**What is needed:**
Output the records exactly, and drop each picture.

**Records provided:**
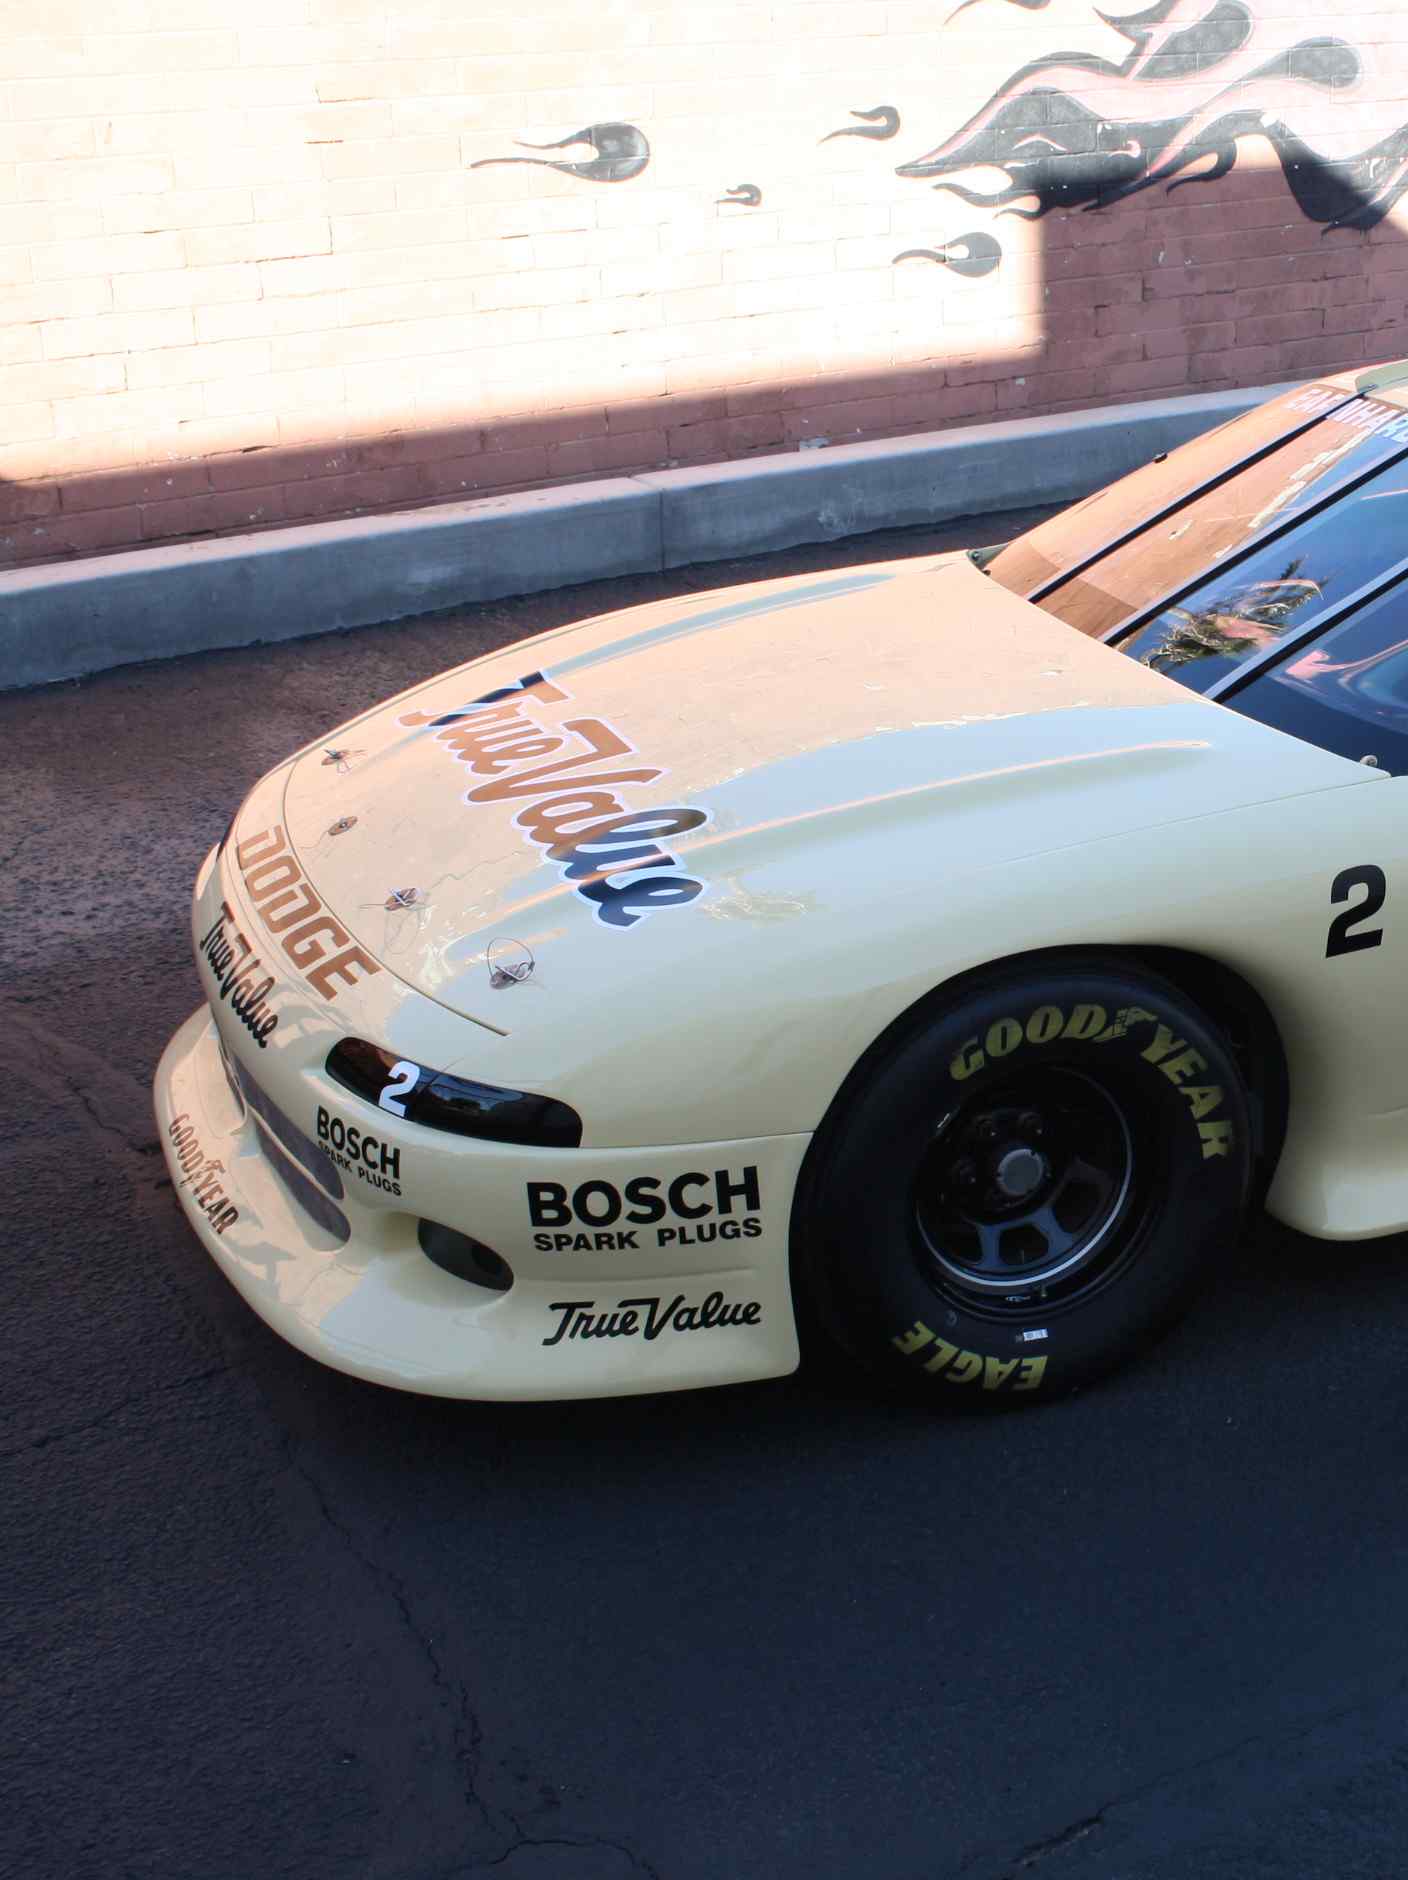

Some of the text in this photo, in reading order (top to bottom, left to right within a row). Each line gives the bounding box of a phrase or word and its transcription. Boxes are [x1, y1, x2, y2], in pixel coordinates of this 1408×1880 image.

[235, 824, 383, 1001] DODGE
[1326, 864, 1387, 959] 2
[378, 1061, 421, 1118] 2
[317, 1105, 401, 1180] BOSCH
[357, 1166, 402, 1197] PLUGS
[526, 1165, 760, 1227] BOSCH
[534, 1217, 762, 1252] SPARK PLUGS
[893, 1320, 1049, 1391] EAGLE
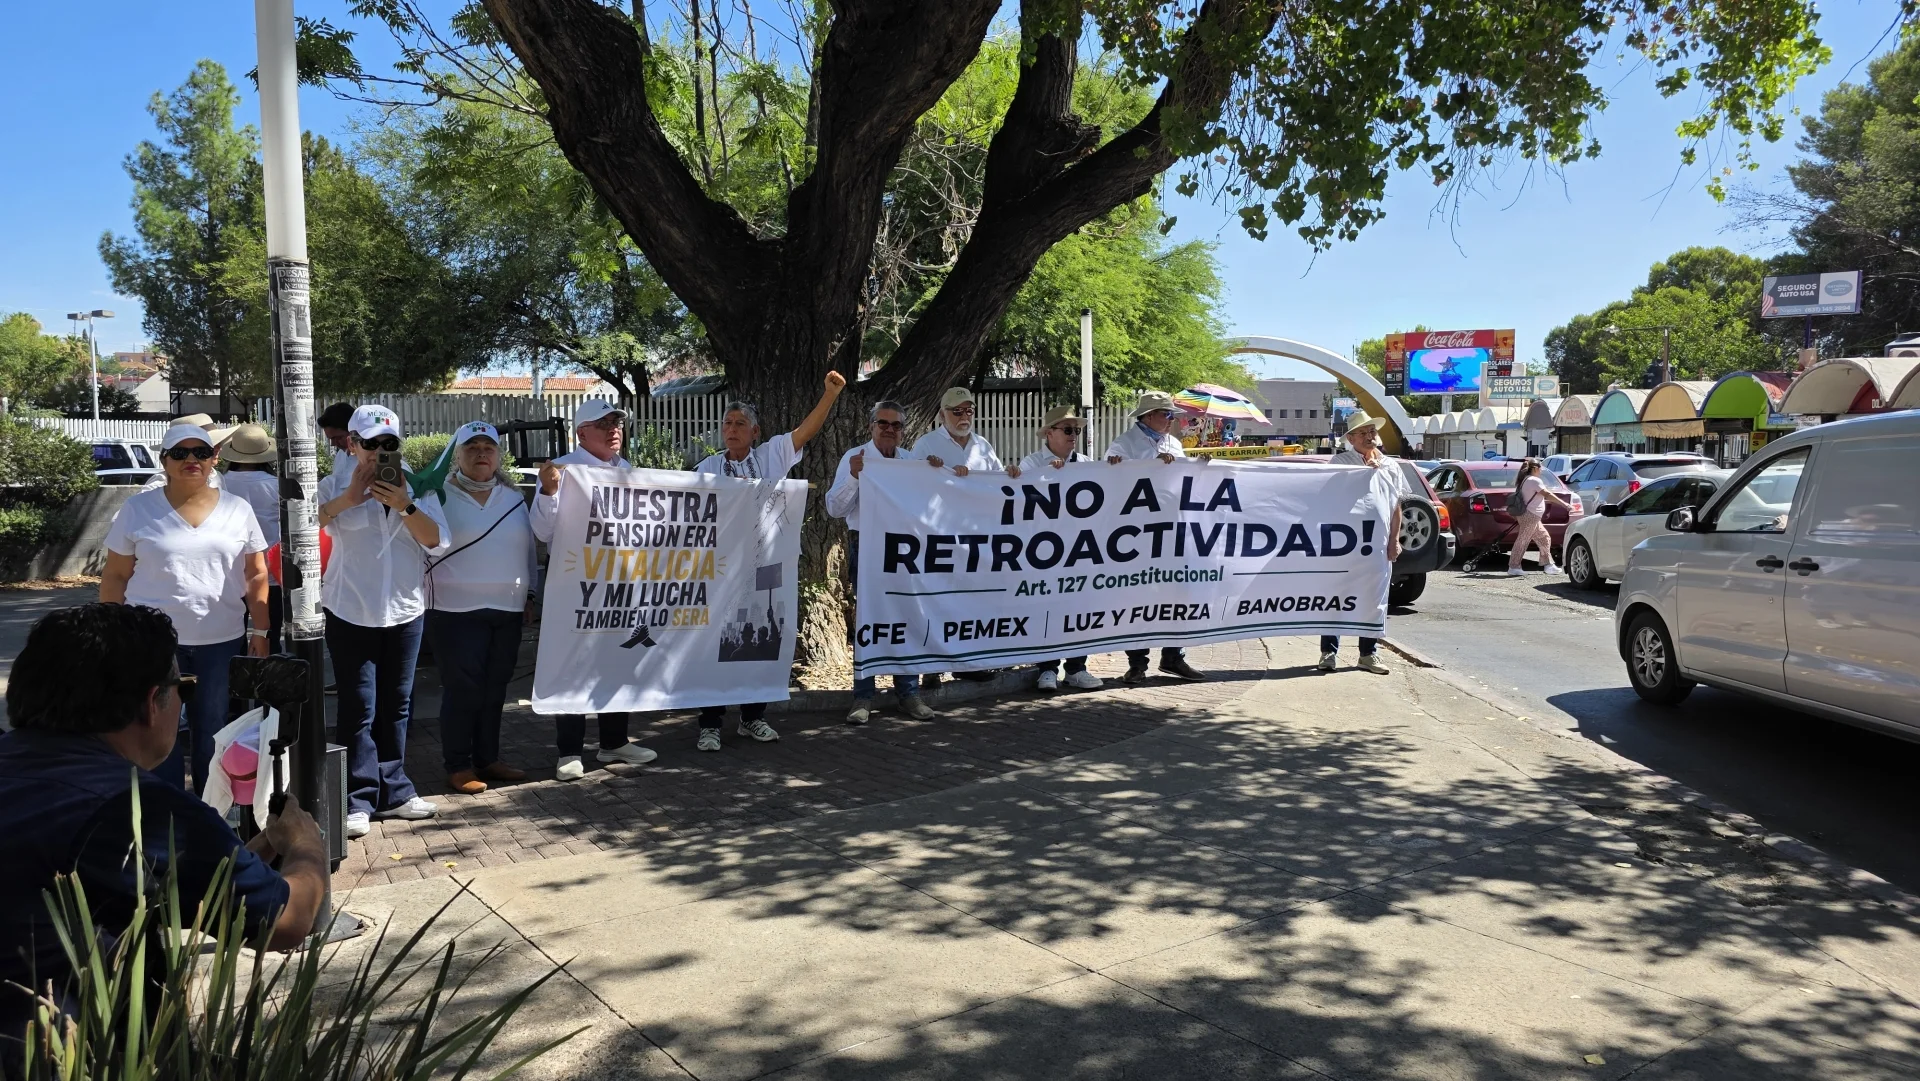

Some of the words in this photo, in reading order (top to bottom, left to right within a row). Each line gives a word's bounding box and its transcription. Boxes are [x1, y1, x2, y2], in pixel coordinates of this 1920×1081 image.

[1777, 283, 1817, 291] SEGUROS
[1494, 378, 1532, 386] SEGUROS
[590, 486, 717, 523] NUESTRA
[1001, 480, 1104, 525] ¡NO
[1120, 477, 1161, 515] A
[1179, 475, 1242, 512] LA
[585, 521, 681, 547] PENSIÓN
[683, 525, 717, 548] ERA
[883, 520, 1375, 574] RETROACTIVIDAD!
[582, 548, 715, 581] VITALICIA
[579, 581, 598, 607] Y
[603, 582, 633, 608] MI
[639, 581, 707, 607] LUCHA
[1015, 580, 1051, 597] Art.
[1057, 576, 1087, 594] 127
[1092, 565, 1225, 590] Constitucional
[574, 607, 646, 630] TAMBIÉN
[650, 609, 668, 627] LO
[672, 604, 710, 627] SERÁ
[856, 622, 907, 648] CFE
[943, 616, 1029, 643] PEMEX
[1063, 611, 1105, 633] LUZ
[1111, 608, 1127, 626] Y
[1129, 603, 1210, 625] FUERZA
[1236, 595, 1357, 616] BANOBRAS
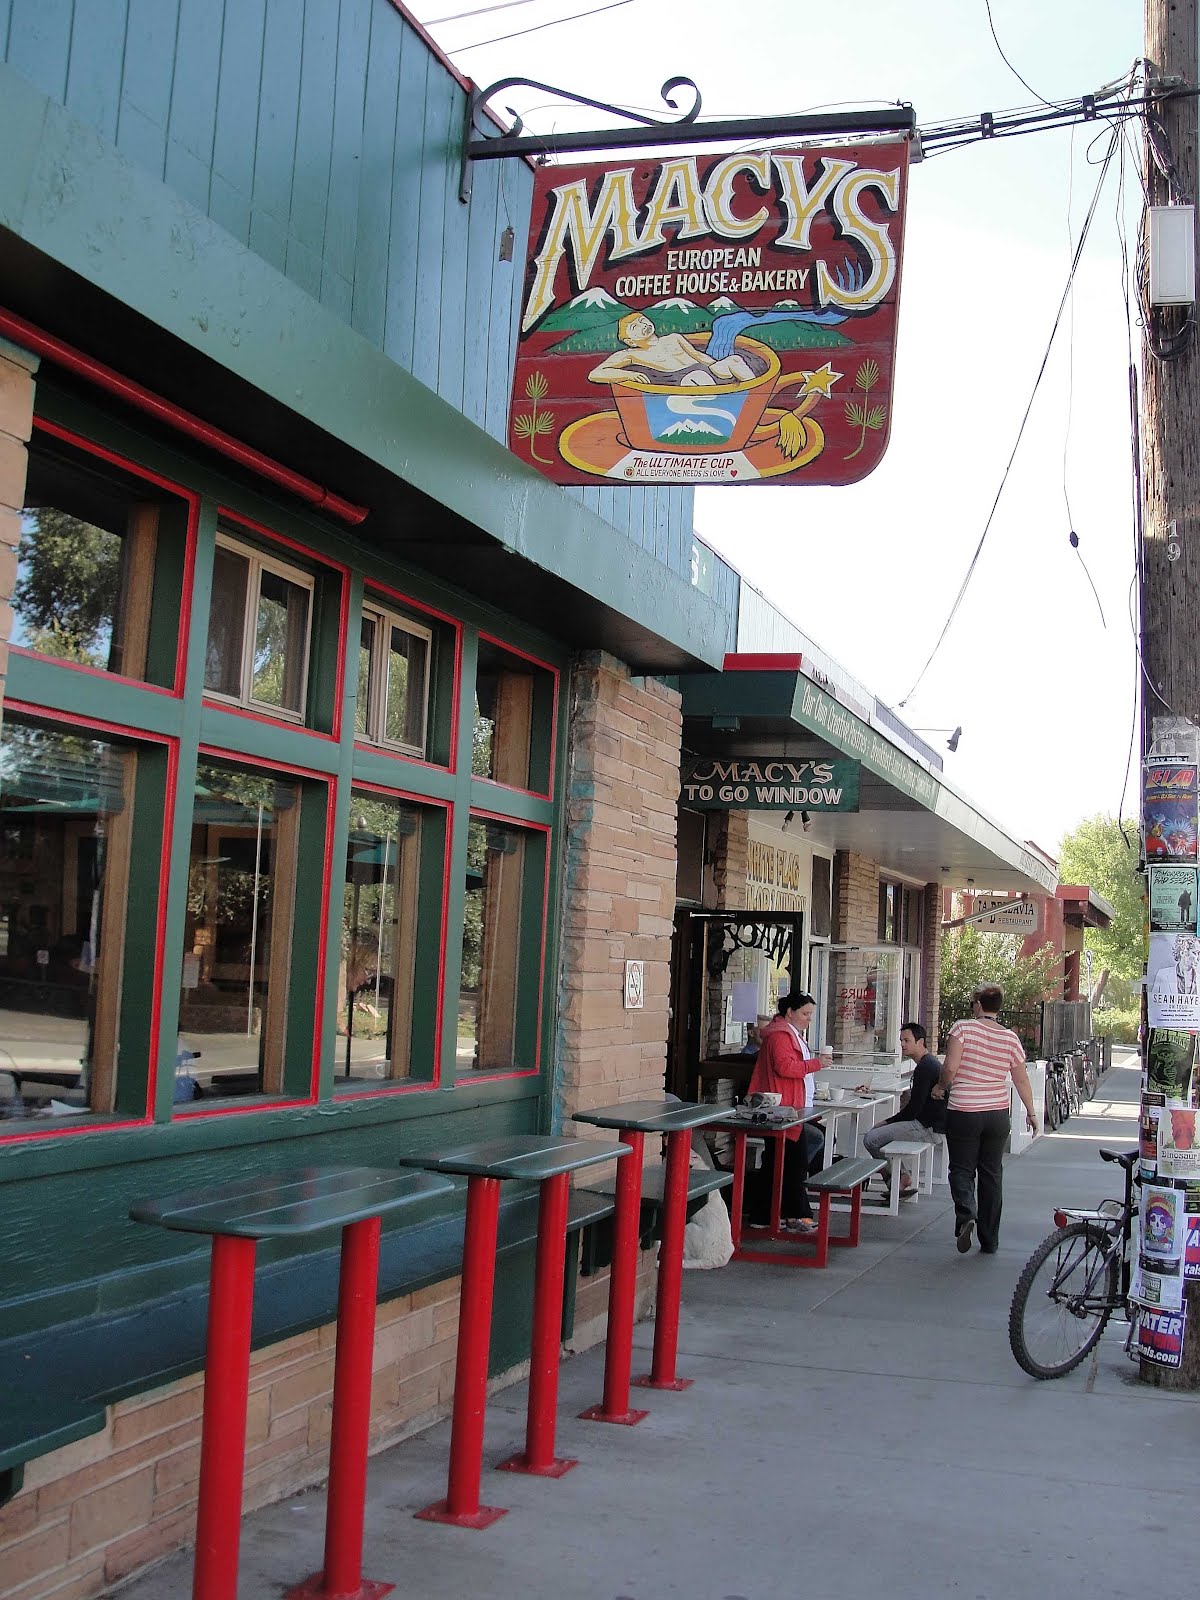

**Reply:**
Some of the text in this photo, in reading order (top to bottom, left to right within a row). Each line gives the bounding box of a phrase or word and its transcription. Boxes are [x1, y1, x2, y2], in pixel coordinates of this 1408×1880 image.

[235, 824, 383, 1001] DODGE
[1326, 864, 1387, 959] 2
[378, 1061, 421, 1118] 2
[317, 1105, 401, 1180] BOSCH
[357, 1166, 402, 1197] PLUGS
[526, 1165, 760, 1227] BOSCH
[534, 1217, 762, 1252] SPARK PLUGS
[893, 1320, 1049, 1391] EAGLE

Some of the words in this photo, in reading order (top to bottom, left to right within a row). Each line gives a word's bounding box and its transcription. Boxes are [x1, y1, x2, y2], in pixel coordinates of this 1920×1081 image.

[1777, 283, 1817, 291] SEGUROS
[1494, 378, 1532, 386] SEGUROS
[590, 486, 717, 523] NUESTRA
[1001, 480, 1104, 525] ¡NO
[1120, 477, 1161, 515] A
[1179, 475, 1242, 512] LA
[585, 521, 681, 547] PENSIÓN
[683, 525, 717, 548] ERA
[883, 520, 1375, 574] RETROACTIVIDAD!
[582, 548, 715, 581] VITALICIA
[579, 581, 598, 607] Y
[603, 582, 633, 608] MI
[639, 581, 707, 607] LUCHA
[1015, 580, 1051, 597] Art.
[1057, 576, 1087, 594] 127
[1092, 565, 1225, 590] Constitucional
[574, 607, 646, 630] TAMBIÉN
[650, 609, 668, 627] LO
[672, 604, 710, 627] SERÁ
[856, 622, 907, 648] CFE
[943, 616, 1029, 643] PEMEX
[1063, 611, 1105, 633] LUZ
[1111, 608, 1127, 626] Y
[1129, 603, 1210, 625] FUERZA
[1236, 595, 1357, 616] BANOBRAS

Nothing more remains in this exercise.